How the Pillars Connect
The real power of observability comes when you connect the pillars together:
- A metric alert fires — error rate on the checkout service exceeded 5%
- You look at logs filtered by the checkout service and the time window — you see
ConnectionRefusedErrorfor the payment gateway - You pull a trace for a failing request — you see the checkout service calling the payment gateway, which is timing out after 30 seconds because it is waiting on a database query
- You check database metrics — connection pool utilization is at 100%, confirming connection exhaustion
This workflow — metrics for detection, logs for diagnosis, traces for localization — is the foundation of effective incident response.
Connecting Metrics to Traces with Exemplars
Exemplars are a Prometheus feature that attaches a trace ID to a specific metric observation.
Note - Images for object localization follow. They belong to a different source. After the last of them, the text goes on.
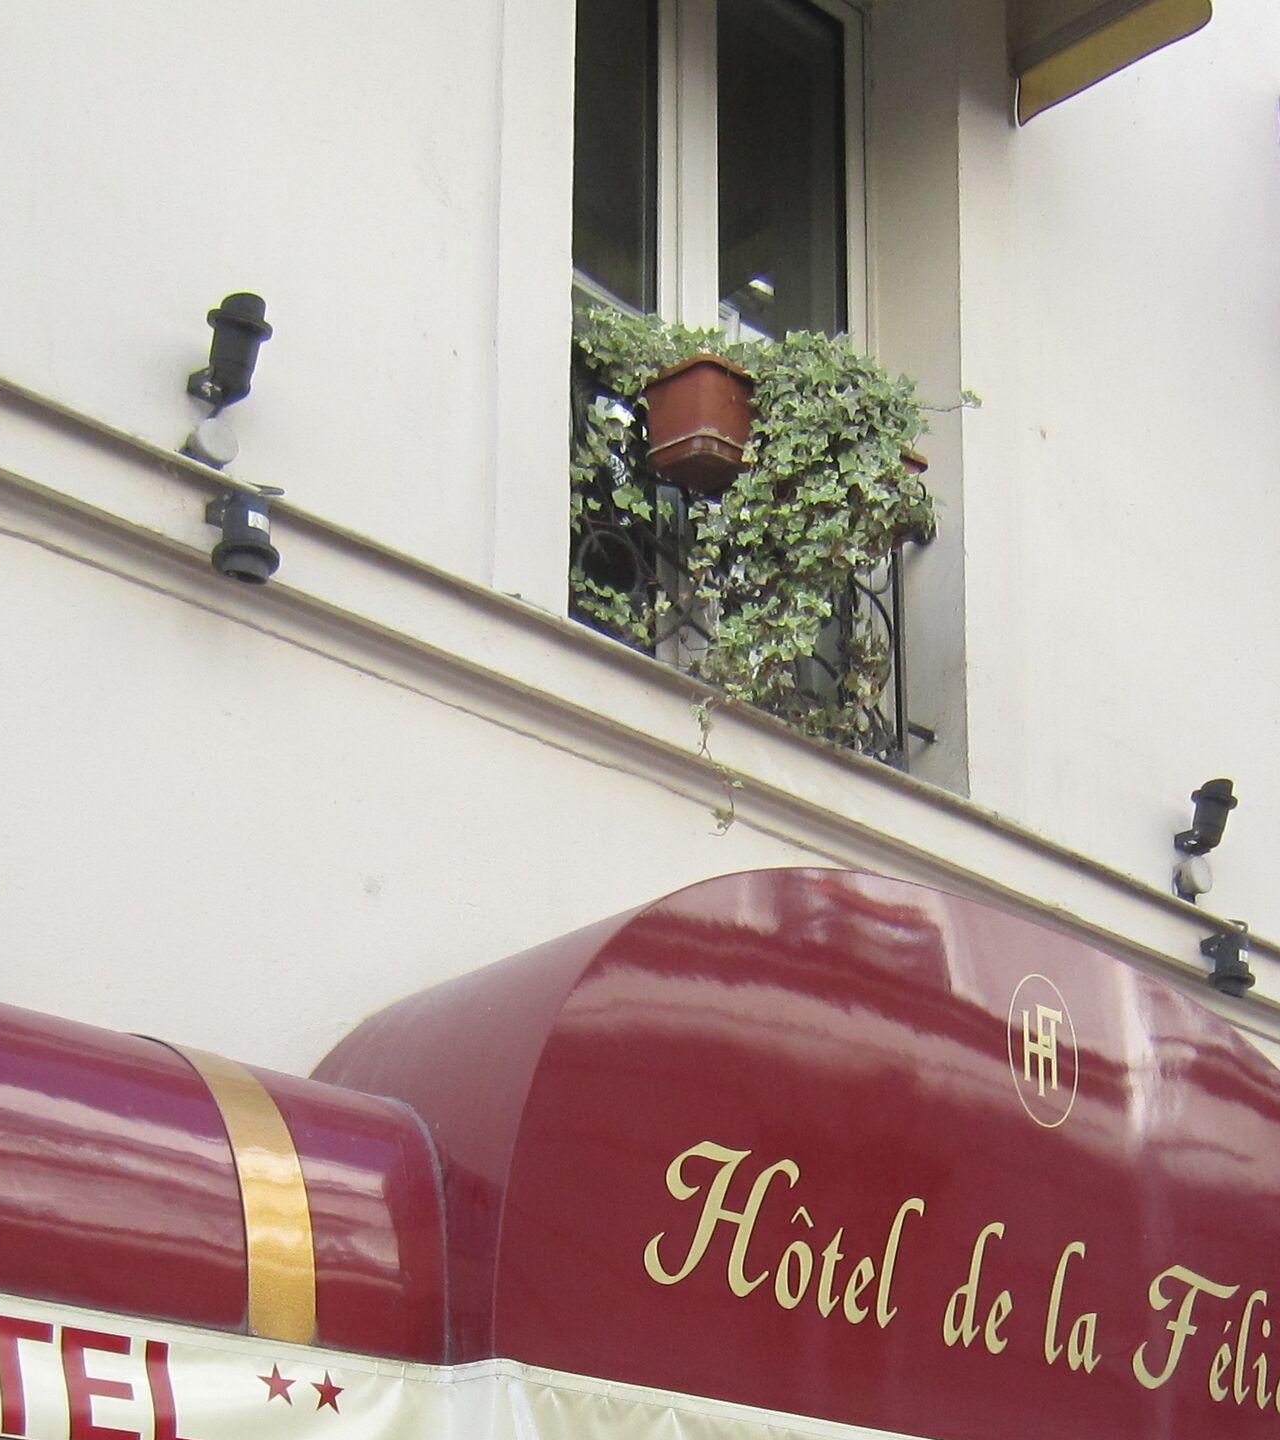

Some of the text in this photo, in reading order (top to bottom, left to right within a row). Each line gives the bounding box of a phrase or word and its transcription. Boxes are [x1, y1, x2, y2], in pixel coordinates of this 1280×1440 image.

[642, 1139, 926, 1330] Hôtel
[941, 1221, 1014, 1356] de
[1043, 1240, 1102, 1374] la
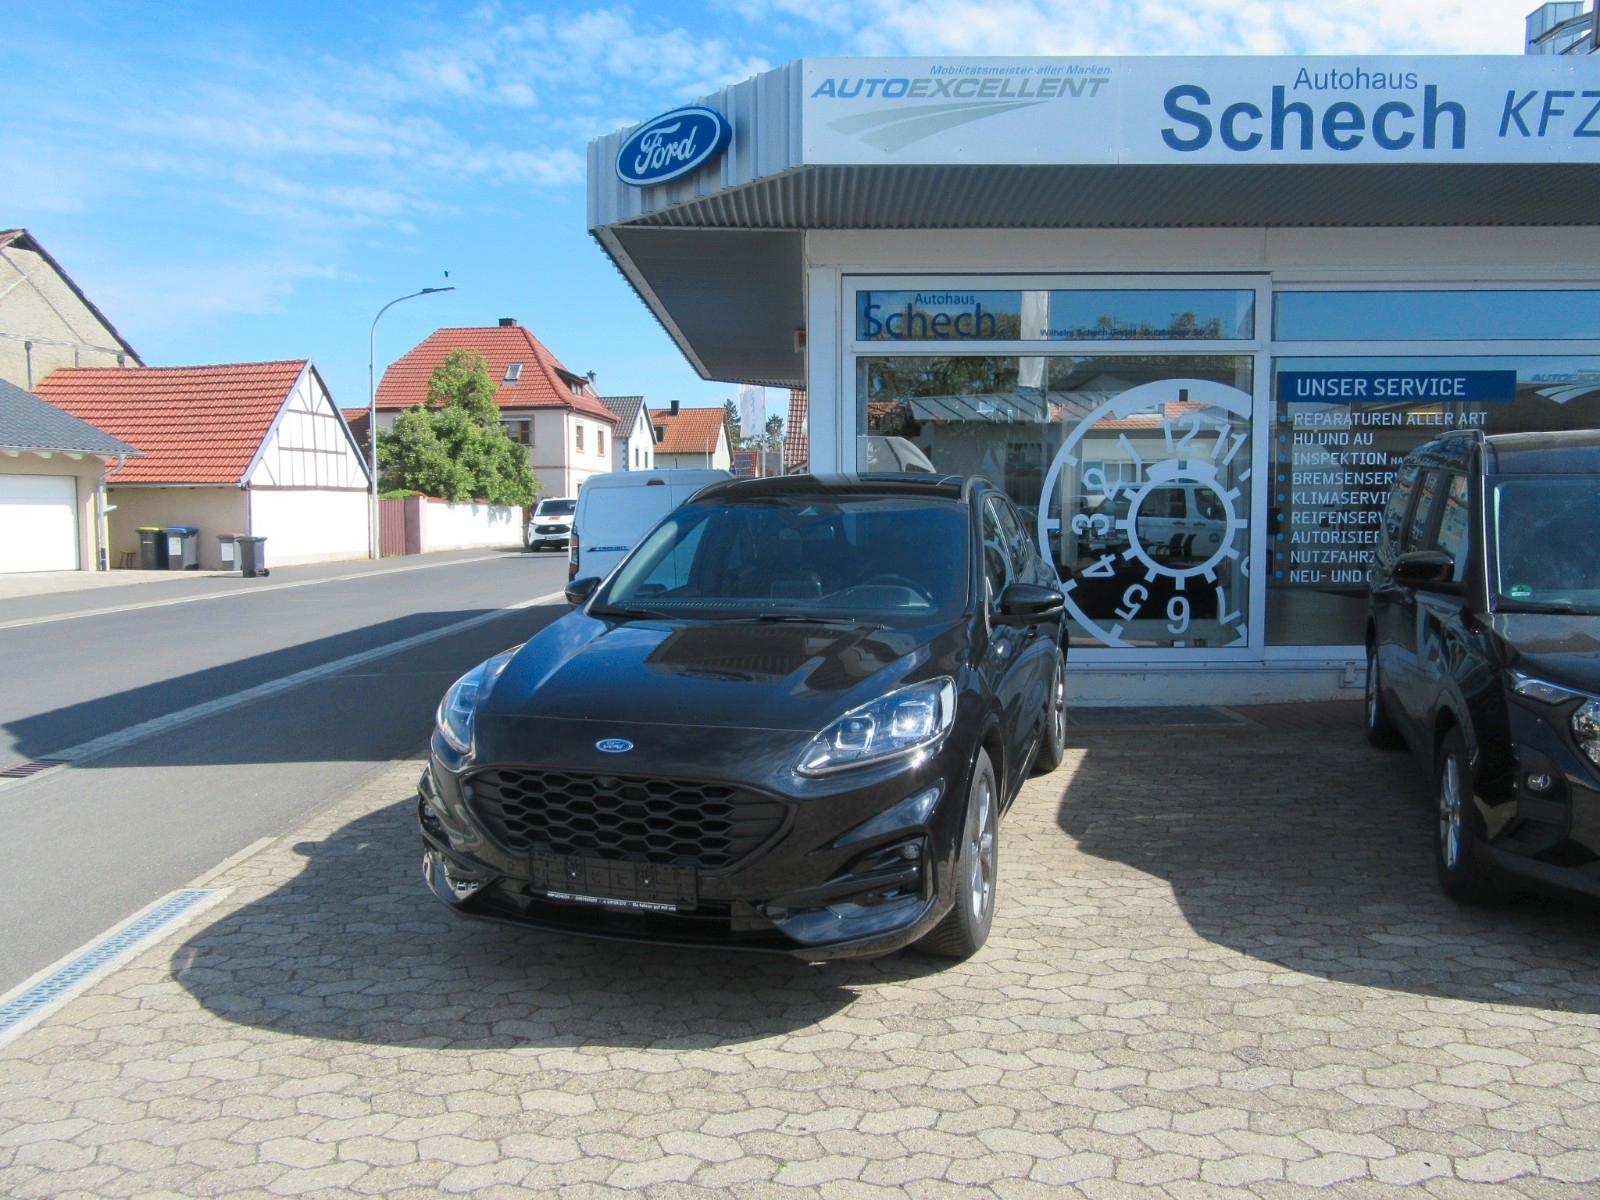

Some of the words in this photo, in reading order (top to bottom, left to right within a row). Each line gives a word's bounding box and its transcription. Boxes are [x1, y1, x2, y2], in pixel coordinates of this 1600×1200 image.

[1037, 65, 1063, 75] aller
[1066, 65, 1111, 75] Marken
[1293, 67, 1419, 90] Autohaus
[810, 78, 1110, 98] AUTOEXCELLENT
[1160, 84, 1466, 151] Schech
[634, 120, 698, 174] Ford
[914, 293, 976, 305] Autohaus
[863, 302, 996, 338] Schech
[1296, 377, 1368, 397] UNSER
[1373, 376, 1467, 396] SERVICE
[1293, 412, 1402, 426] REPARATUREN
[1406, 411, 1454, 426] ALLER
[1458, 411, 1488, 426] ART
[1293, 432, 1314, 446] HU
[1318, 432, 1349, 446] UND
[1352, 432, 1374, 446] AU
[1293, 452, 1387, 465] INSPEKTION
[1390, 456, 1404, 465] NA
[1289, 570, 1327, 583] NEU-
[1331, 570, 1362, 583] UND
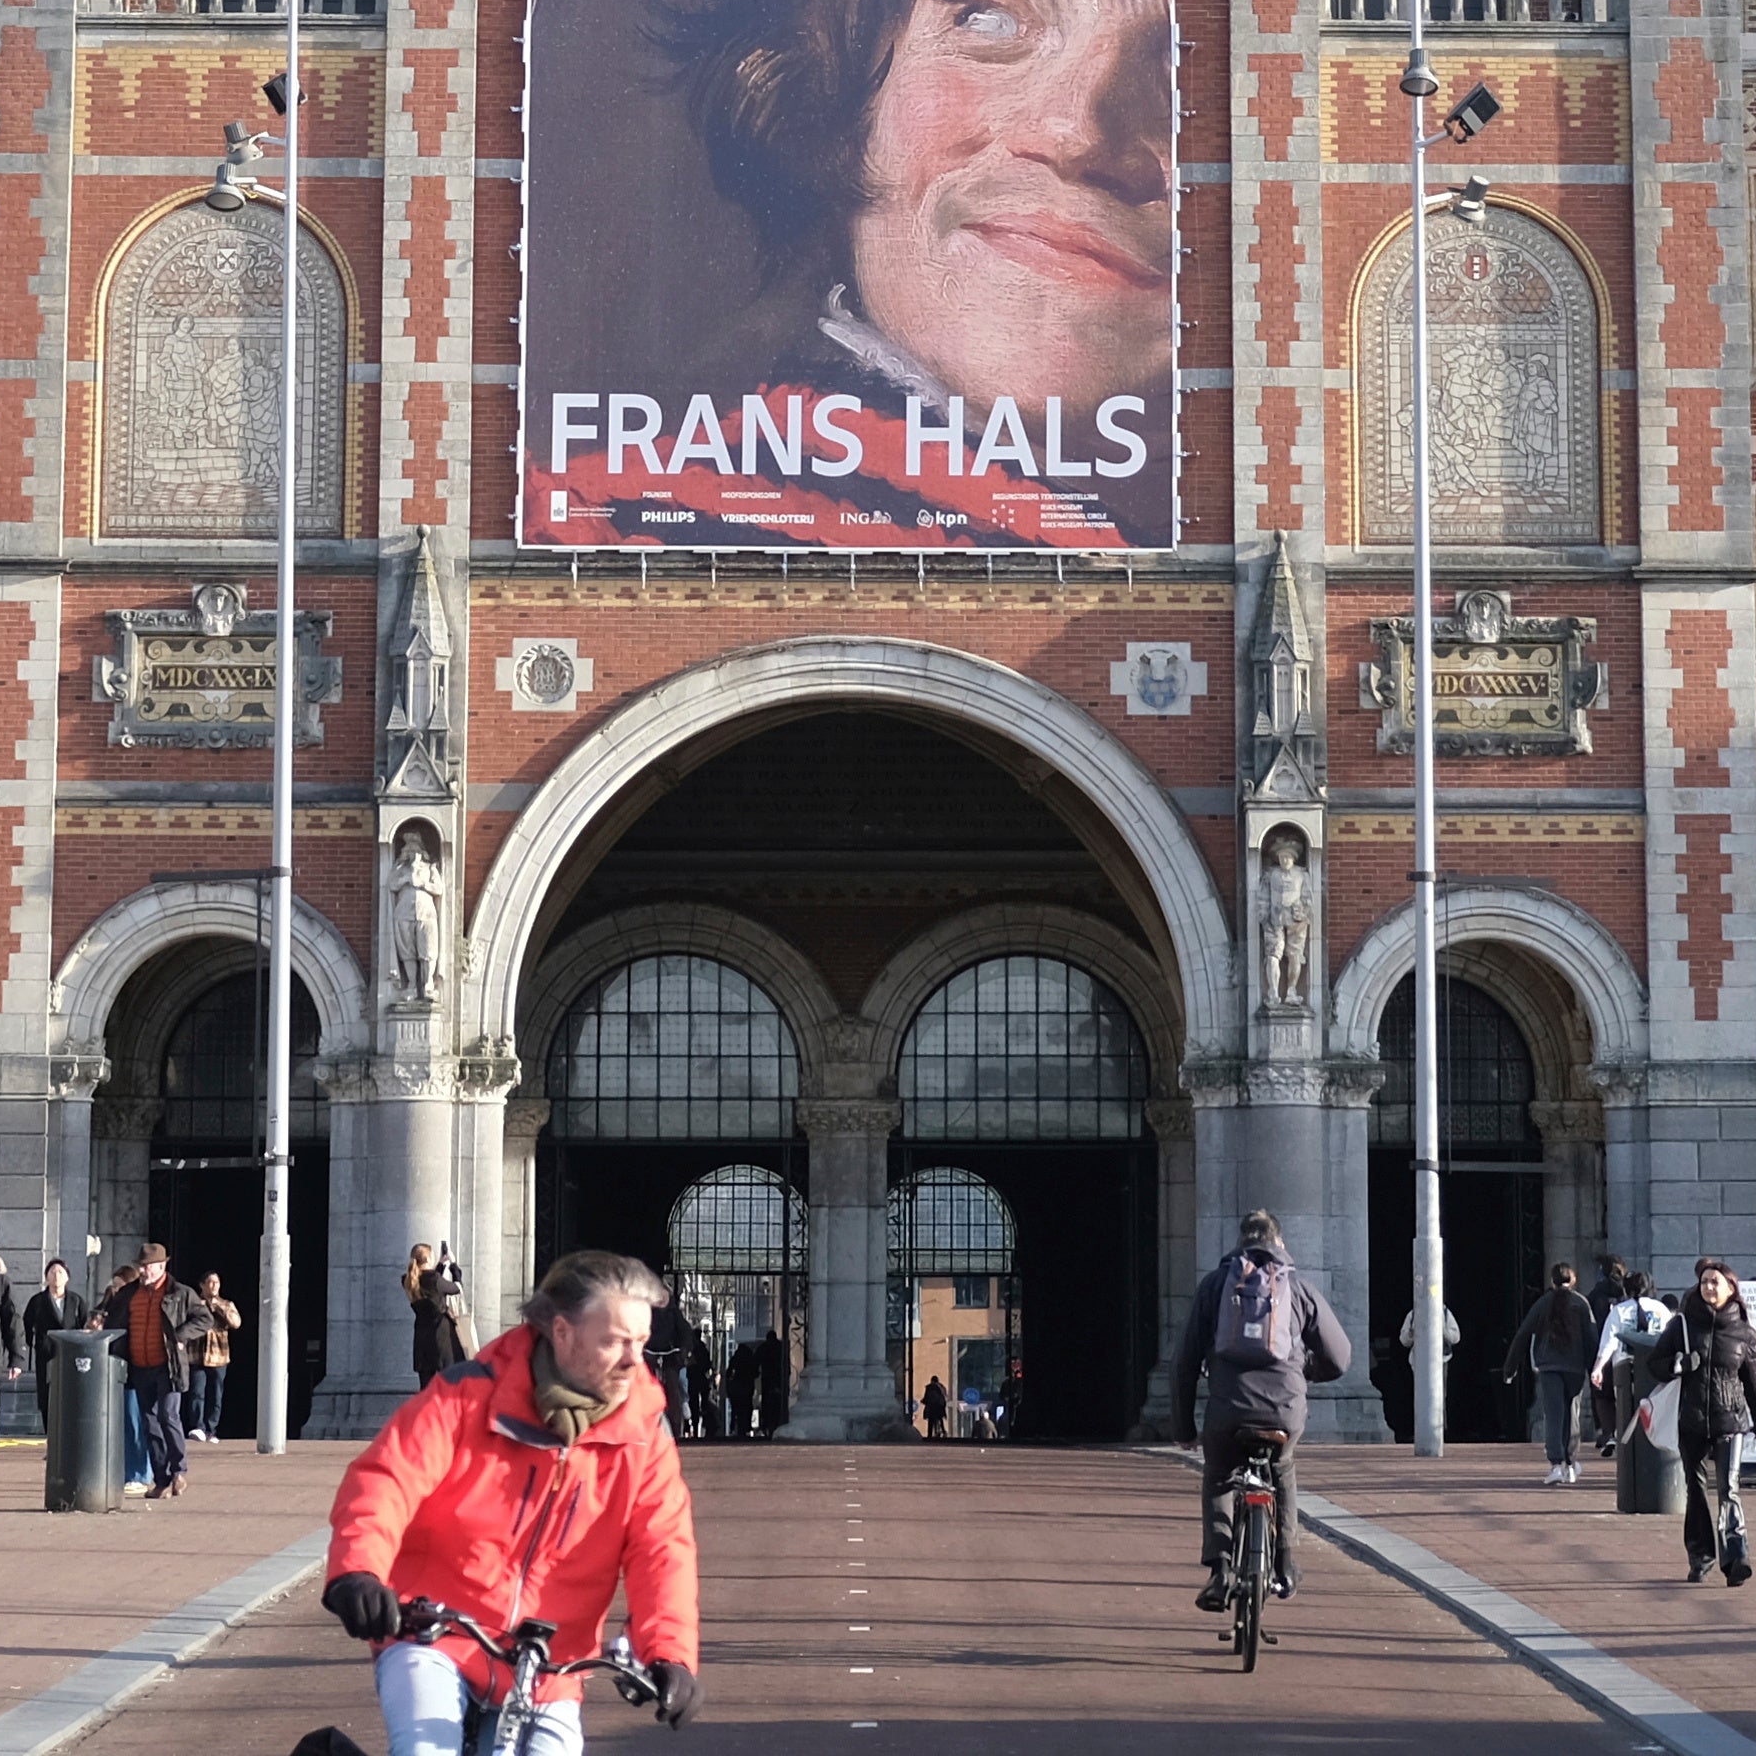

When you see a latency spike on a dashboard, you can click through to an actual trace that contributed to that spike, bridging the gap between aggregate metrics and individual request traces.
Connecting Logs to Traces with Correlation IDs
Every log line should include a trace ID and span ID. When you find a relevant log entry, you can jump directly to the full distributed trace. When you find a slow span in a trace, you can jump to the logs emitted during that span.
Monitoring Strategy by System Maturity
| Maturity | What to Instrument | Tools |
|---|---|---|
| Day 1 | Health checks, uptime monitoring, error rates | Prometheus + Grafana, or a SaaS like Datadog |
| Month 1 | RED metrics for every service, structured logging | Prometheus, Pino/Winston, ELK or Loki |
| Month 3 | SLOs, distributed tracing, custom business metrics | OpenTelemetry, Jaeger/Tempo, error budgets |
| Month 6 | Exemplars, log-to-trace correlation, anomaly detection | Full observability stack integrated |
| Year 1 | Chaos engineering validation of monitoring coverage | Litmus/Gremlin, GameDays |
What to Read Next
| Page | What You Will Learn |
|---|---|
| Prometheus Deep Dive | Architecture, PromQL, metric types, recording rules, alerting rules, federation, long-term storage |
| Grafana Dashboards | Dashboard design, panel types, variables, provisioning dashboards as code, production JSON configs |
| Metrics Design | RED method, USE method, Four Golden Signals, SLIs/SLOs/SLAs, error budgets, burn rate alerting |
| Custom Metrics | Business metrics, application instrumentation, naming conventions, label cardinality, exemplars |
| Monitoring Antipatterns | Dashboard rot, alert fatigue, vanity metrics, high-cardinality labels, cargo cult monitoring |
Key Takeaways
- Monitoring is not optional. It is the difference between "we detected and resolved the issue in 3 minutes" and "a customer tweeted about our outage."
- Metrics, logs, and traces each serve a distinct purpose. You need all three, connected together.
- Start with metrics. They are the cheapest to implement and provide the fastest feedback loop.
- Invest in correlation — trace IDs in logs, exemplars in metrics — so you can move seamlessly between pillars during an incident.
- Monitoring is never "done." Every incident should result in better monitoring coverage. If an incident surprised you, your monitoring has a gap.